18 rating upgrades in adult social care since 2014
When carehome.co.uk asked the CQC how many reports had been challenged in the last two years resulting in an upgrade to a higher rating, the CQC said between 1 October 2014 and 4 November 2016 – there had been 18 rating increases to one of the five areas (safe, caring, effective, responsive and well led). The 18 upgrades were made for all adult social care services including community-based and hospices - that’s 18 upgrades out of 19,441 active adult social care reports with ratings since October 2014.
What if you submit evidence and it is ignored?
The care regulator’s inspection process was in the spotlight last Summer for ignoring evidence. A High Court judge hearing a case against the CQC, looked at the care watchdog’s refusal to correct factual inaccuracies in an inspection report for ‘Inadequate’ GP practices. The judicial review claim was brought by SSP Health, which had three GP practices put in special measures in 2015 after the CQC found services ‘Inadequate’. Judge Mrs Justice Andrews said in a High Court ruling on 12 August that the CQC was 'not entitled to refuse…a reasonable request for it to review or reconsider its responses to the claimant’s factual accuracy comments and then to re-evaluate the ratings in the light of any corrections'.
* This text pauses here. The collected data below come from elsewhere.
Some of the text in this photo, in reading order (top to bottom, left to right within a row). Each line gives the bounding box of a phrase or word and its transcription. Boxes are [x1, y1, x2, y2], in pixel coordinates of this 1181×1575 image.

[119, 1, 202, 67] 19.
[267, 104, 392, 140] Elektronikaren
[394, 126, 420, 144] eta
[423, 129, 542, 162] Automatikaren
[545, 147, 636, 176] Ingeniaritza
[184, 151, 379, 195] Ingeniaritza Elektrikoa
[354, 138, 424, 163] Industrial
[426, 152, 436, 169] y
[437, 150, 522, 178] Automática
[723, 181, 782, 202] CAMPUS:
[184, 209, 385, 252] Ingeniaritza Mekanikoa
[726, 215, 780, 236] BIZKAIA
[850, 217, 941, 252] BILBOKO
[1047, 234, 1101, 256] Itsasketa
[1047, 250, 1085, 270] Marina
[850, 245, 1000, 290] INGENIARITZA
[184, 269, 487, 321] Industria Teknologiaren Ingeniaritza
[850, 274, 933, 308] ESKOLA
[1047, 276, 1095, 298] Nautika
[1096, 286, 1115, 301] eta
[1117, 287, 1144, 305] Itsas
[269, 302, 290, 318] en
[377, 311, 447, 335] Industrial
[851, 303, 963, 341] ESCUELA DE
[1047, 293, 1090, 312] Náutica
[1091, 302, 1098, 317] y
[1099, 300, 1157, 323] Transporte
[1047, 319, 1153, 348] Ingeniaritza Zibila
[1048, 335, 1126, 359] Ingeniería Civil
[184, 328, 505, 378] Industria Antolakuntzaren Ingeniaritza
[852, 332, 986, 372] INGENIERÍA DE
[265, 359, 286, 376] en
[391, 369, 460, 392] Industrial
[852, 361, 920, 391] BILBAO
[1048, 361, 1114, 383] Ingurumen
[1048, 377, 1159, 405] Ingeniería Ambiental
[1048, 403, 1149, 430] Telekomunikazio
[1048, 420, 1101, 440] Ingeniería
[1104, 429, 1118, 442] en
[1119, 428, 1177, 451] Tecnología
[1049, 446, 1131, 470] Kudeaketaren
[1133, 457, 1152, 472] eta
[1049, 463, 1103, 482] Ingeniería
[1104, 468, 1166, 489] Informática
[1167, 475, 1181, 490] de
Andrea Sutcliffe, the CQC’s Chief Inspector of Adult Social Care said: “I do have confidence in our inspectors. But like any good employer, we also have other checks in place. Our inspectors do not work and pass judgment in isolation. They now more regularly work in teams, they follow clearly set out KLOEs to guide their inspections.”
When asked what improvements the care watchdog plans to make to avoid mistakes in reports, Ms Sutcliffe said: “There will always be improvements that we can make, but I am confident that CQC is making significant progress to becoming the strong regulator the adult social care sector needs.”
Referring to the small percentage (one per cent) of care homes rated Outstanding, Ms Sutcliffe said: “I make no apology for setting a high standard for Outstanding services to reach. It is not an impossible standard and if services are worthy of being rated as Outstanding, my inspectors will certainly write a report to demonstrate that. Providers should be proud of their Good ratings too.”